:: Prompt ::
Could you please retype the records exactly, minus their pictures?
────
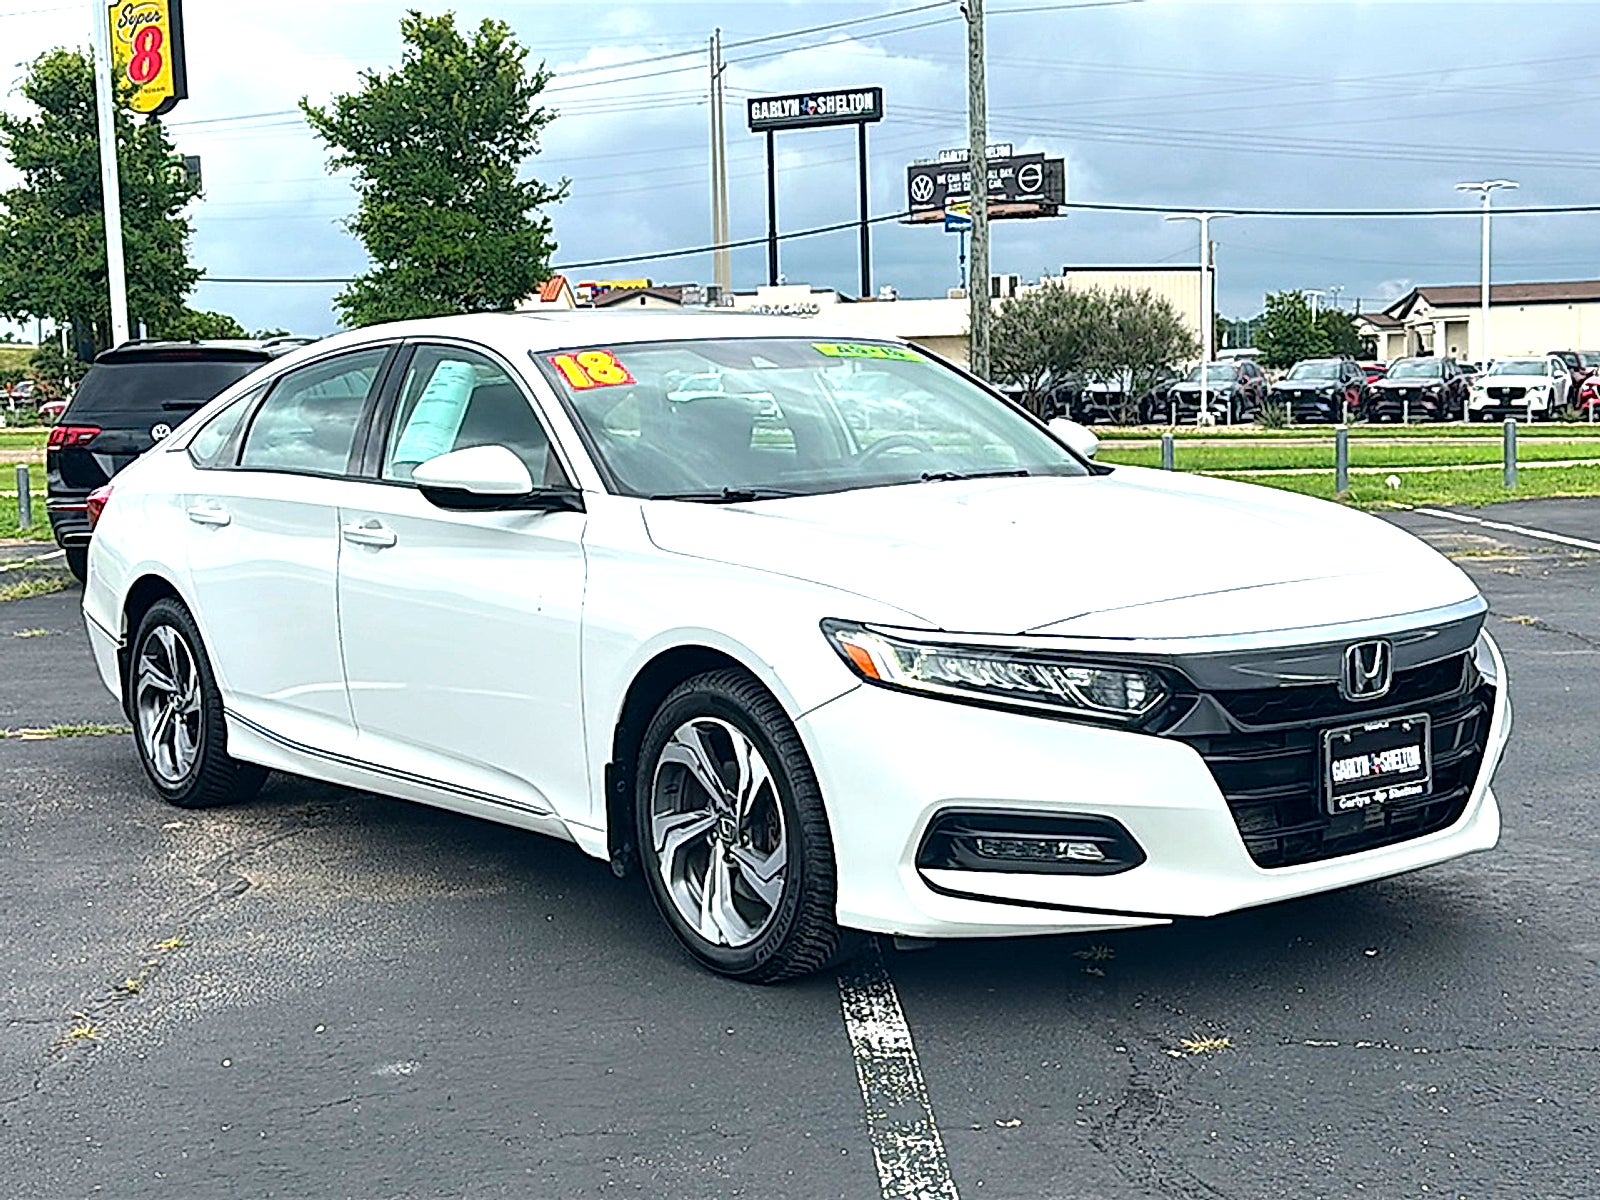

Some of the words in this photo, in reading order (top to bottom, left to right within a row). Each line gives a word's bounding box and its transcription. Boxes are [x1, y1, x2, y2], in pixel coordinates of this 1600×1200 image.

[117, 3, 163, 38] Super
[128, 25, 163, 85] 8
[816, 92, 874, 115] SHELTON
[554, 350, 628, 389] 18
[1379, 745, 1422, 773] SHELTON
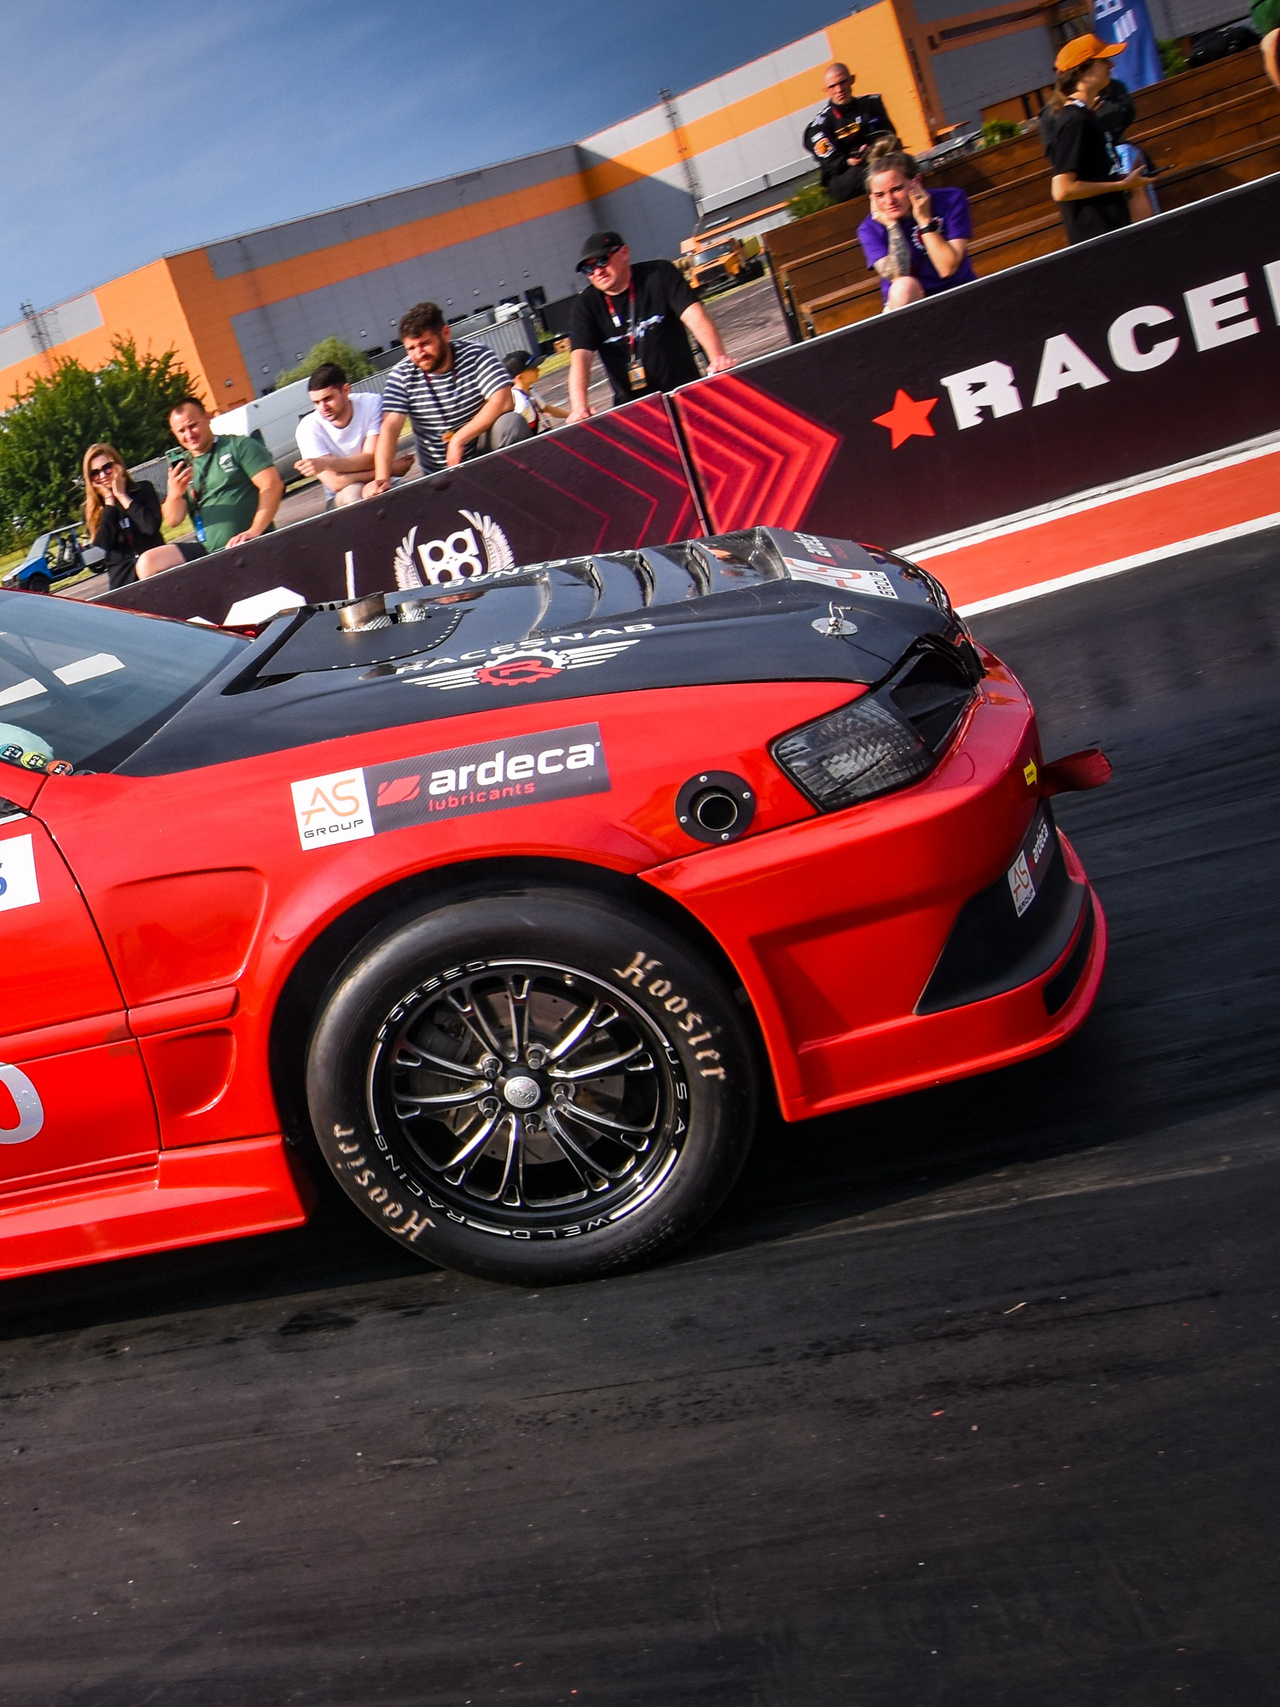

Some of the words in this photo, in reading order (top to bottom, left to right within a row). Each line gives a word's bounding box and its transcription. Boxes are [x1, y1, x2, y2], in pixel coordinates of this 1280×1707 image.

[940, 260, 1280, 430] RACE
[395, 623, 655, 675] RACESNAB
[429, 742, 596, 795] ardeca
[300, 778, 361, 826] AS
[428, 782, 536, 812] lubricants
[303, 818, 365, 840] GROUP
[377, 960, 487, 1041] FORGED
[374, 1134, 466, 1224] RACING
[512, 1217, 610, 1240] WELD
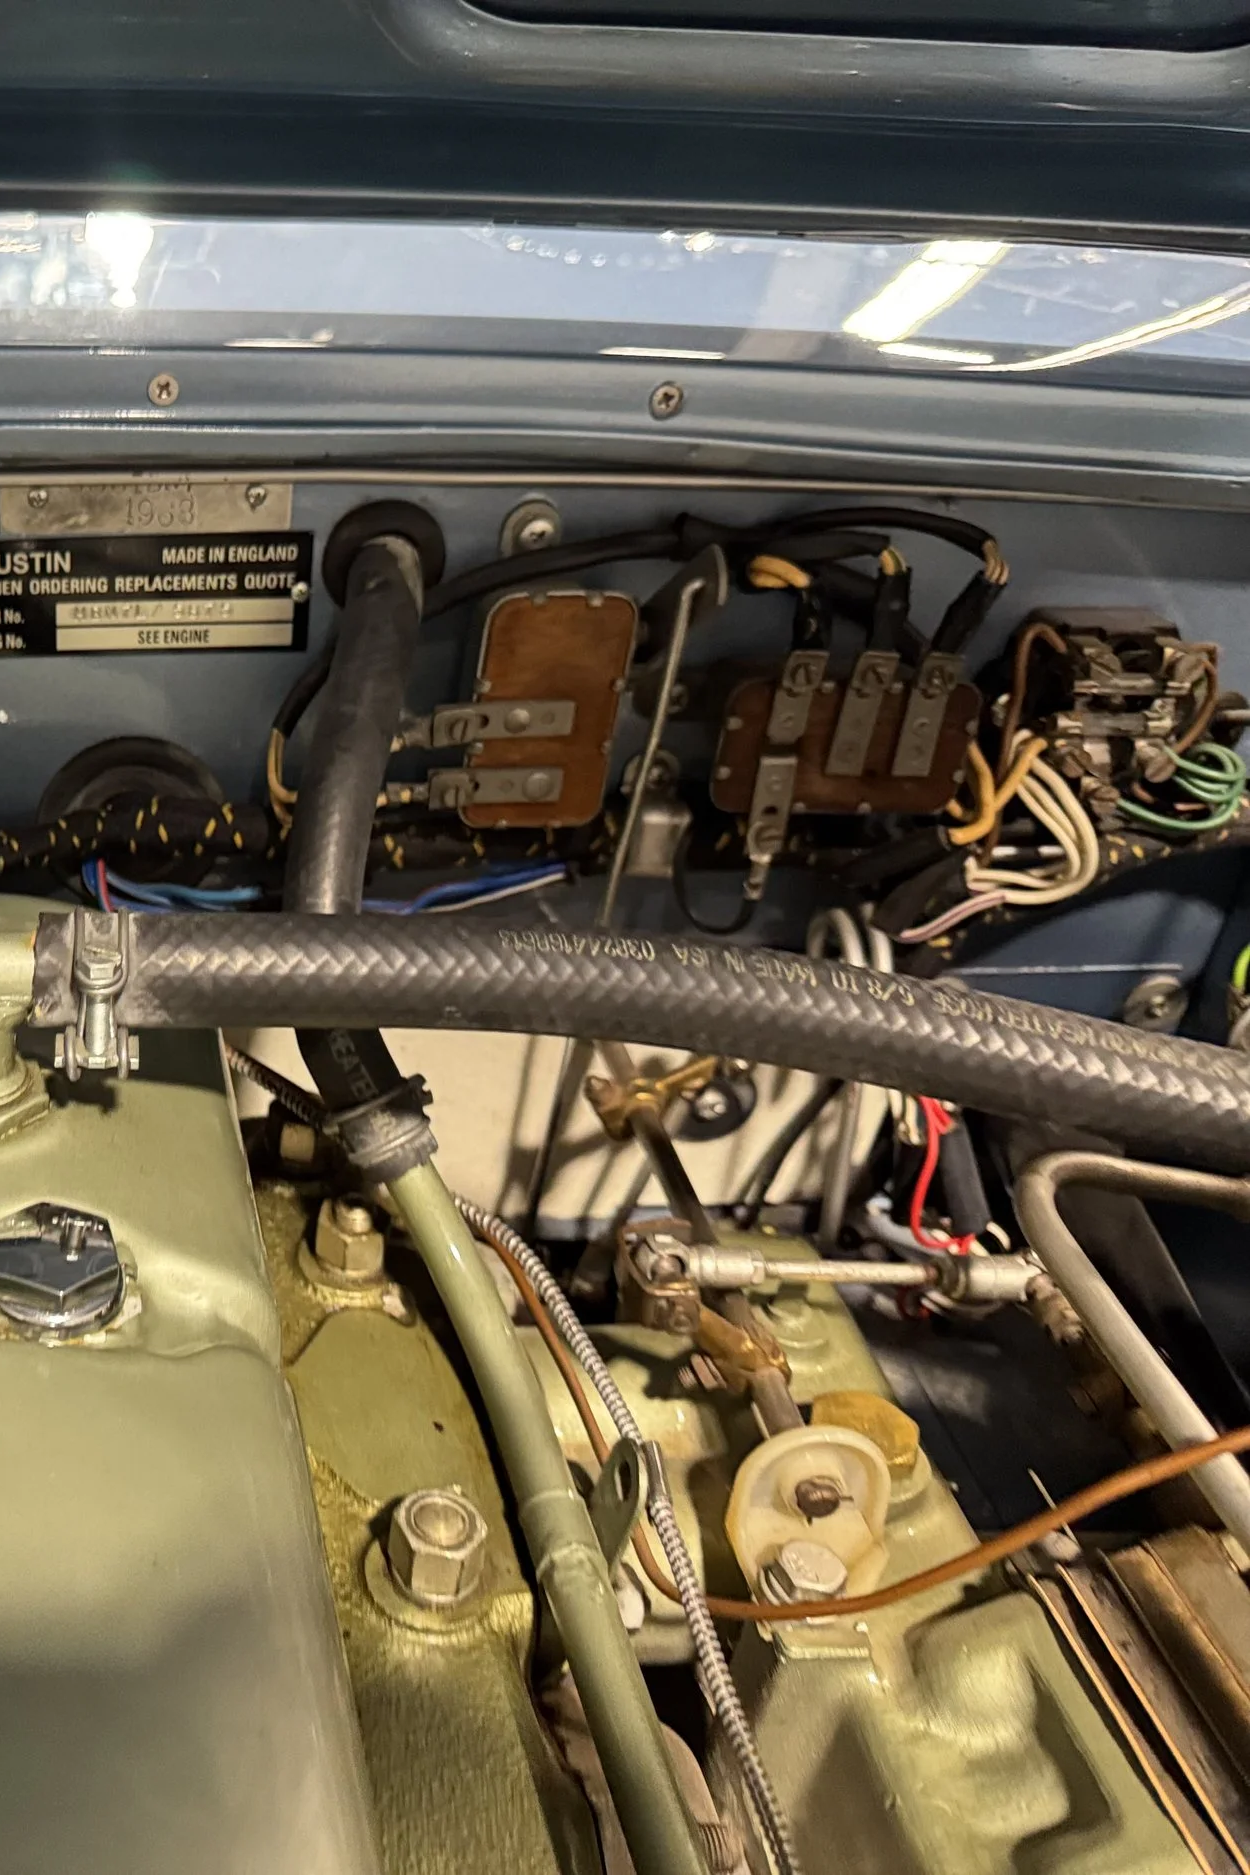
────
:: Solved problem ::
Some of the words in this photo, in reading order (top to bottom, left to right within a row). Each line gives a word's bounding box and its transcription. Boxes are [x1, y1, x2, y2], in pixel coordinates of this 1600×1200 image.

[117, 3, 163, 38] Super
[128, 25, 163, 85] 8
[816, 92, 874, 115] SHELTON
[554, 350, 628, 389] 18
[1379, 745, 1422, 773] SHELTON

Some of the words in this photo, in reading order (top to bottom, left to right within a row). Each line gives a word's bounding box and its transcription. Boxes are [x1, y1, x2, y2], in pixel coordinates of this 1280×1707 image.

[940, 260, 1280, 430] RACE
[395, 623, 655, 675] RACESNAB
[429, 742, 596, 795] ardeca
[300, 778, 361, 826] AS
[428, 782, 536, 812] lubricants
[303, 818, 365, 840] GROUP
[377, 960, 487, 1041] FORGED
[374, 1134, 466, 1224] RACING
[512, 1217, 610, 1240] WELD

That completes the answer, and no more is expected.